Thursday, March 6, 2014

A blog about blogging

A couple of weeks ago while we were in Beijing I had a really hard moment.  Emotions were running high and the tears were flowing.  I retreated to my room because that's what I do.  In my moments of greatest stress I retreat into myself. 

And I worked my way out of myself and out of the room by writing. 

That's another thing I do in my moments of greatest stress.

By writing about what was happening, I was able to see that event for what it really was.  I was able to see my role in things.  I was able to see my way out. 

The result was a post that some of you might have seen.  It was on my blog for a few hours.  I had a conclusion in the blog and I thought it was a positive one, but I went through some prickly places on the way to the conclusion. 

The trouble is, someone in my life who is important to me saw only the prickly places and not the positive conclusion.  And it hurt him.  And he let me know.

It gave me pause.  The Downtown Diner is my restaurant.  I get to cook whatever I want here.  If someone doesn't like the food they don't have to eat here. 

And yet, I had posted something that hurt someone.  And I wasn't sure how I felt about that.  I wasn't sure if it's more important to me to express myself freely on my blog, or if I have an obligation to be respectful of people here. 

Am I free to write whatever I want as long as it is healing to me, even if it in turn hurts someone else?

Again, the Downtown Diner is my restaurant, so I have to make this decision. 

So, I took the post down.  Because I want the Diner to be a place where people feel safe and treasured and respected.  I want my heart to be all of that too.

Therapy.  It was therapeutic for me to write it, but posting it to my blog is less important.  That piece of prose can always live as an entry in my journal, or perhaps as a chapter in the book I publish one day.  Under a pseudonym, naturally. 
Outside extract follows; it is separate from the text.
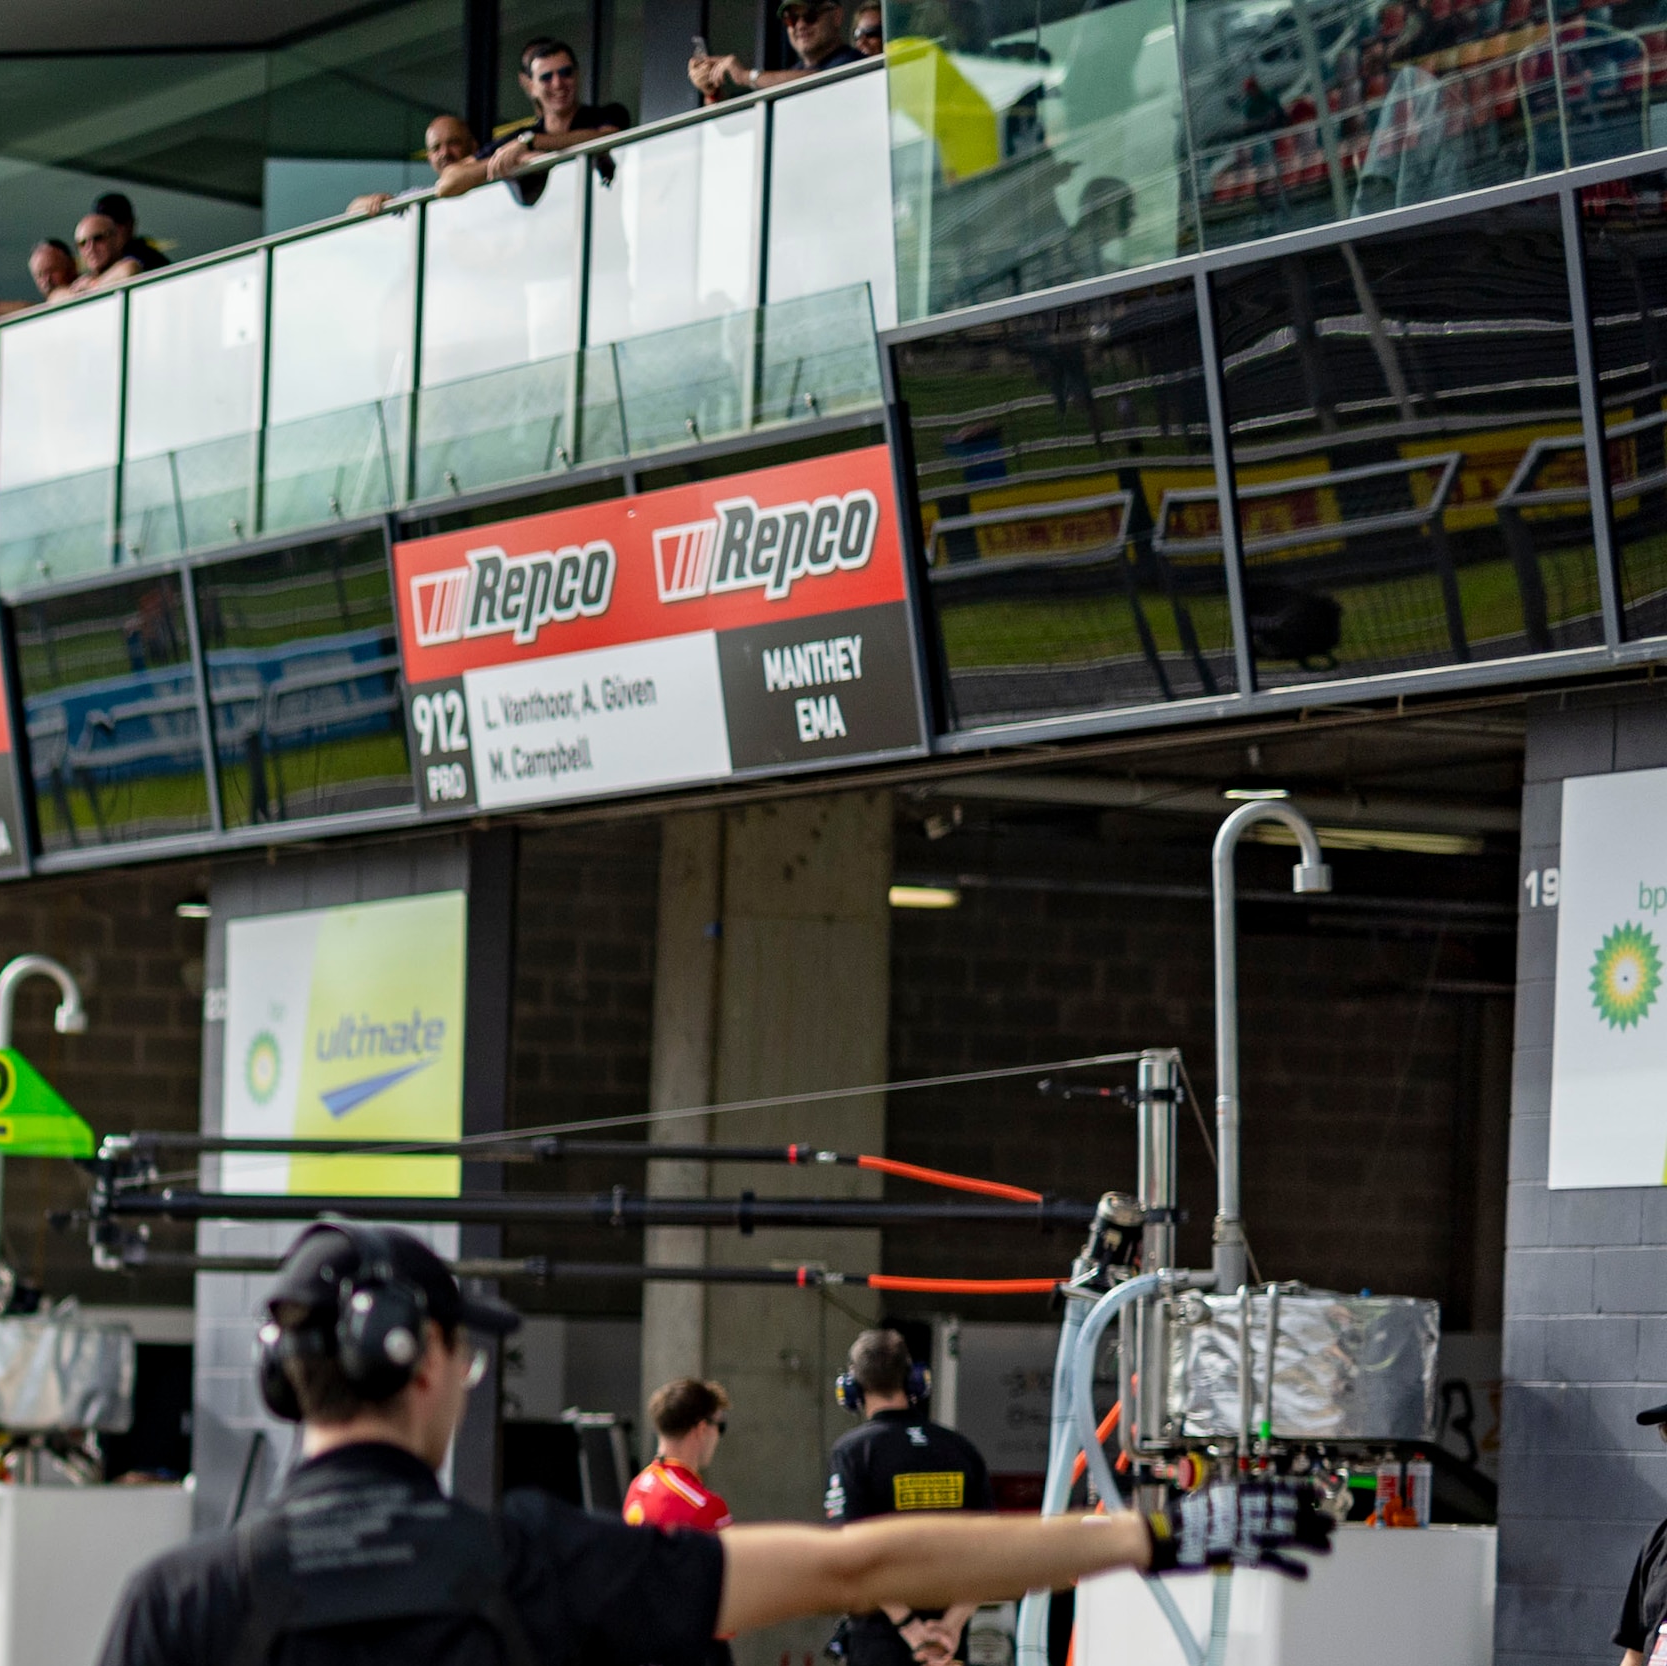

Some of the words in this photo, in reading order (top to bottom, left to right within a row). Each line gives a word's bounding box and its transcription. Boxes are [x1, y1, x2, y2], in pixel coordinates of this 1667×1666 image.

On a side note, I believe that as we communicate in the digital world we are leaving traces of ourselves that one day our great great great grandchildren will sift through to figure out who we were.  Even the communication that we believe is private today, like our emails and texts and messages on online dating websites - I'm pretty sure our progeny is going to have access to all of that. 

Perhaps we're no different than our ancestors who threw a whiskey bottle down the hole in the outhouse thinking it was gone forever, their little secret.  But now decades later we do archaeological digs on that spot and we unearth the secrets of the past. 


The kids and I found this antique medicine bottle at a construction site in the 12th South area. 

I predict our great grands will do the same thing. 

To assume my descendants will do research about me seems presumptuous, but if they do, I hope they will look at the world I held private and the aspects of it that I put out in public, and see that I was consistently authentic and also that I used good judgment. 

I doubt they will say that I never hurt anyone.  But I hope they will see that any pain I inflicted was unintentional, or that the hurt served a higher purpose and was not just a selfish catharsis. 

I would be honored if they decided to create a space like The Downtown Diner in their lives.  A place where people are honest and real with each other, and yet balance that against being fair and caring and kind with one another. 

That's a legacy I'd be proud of.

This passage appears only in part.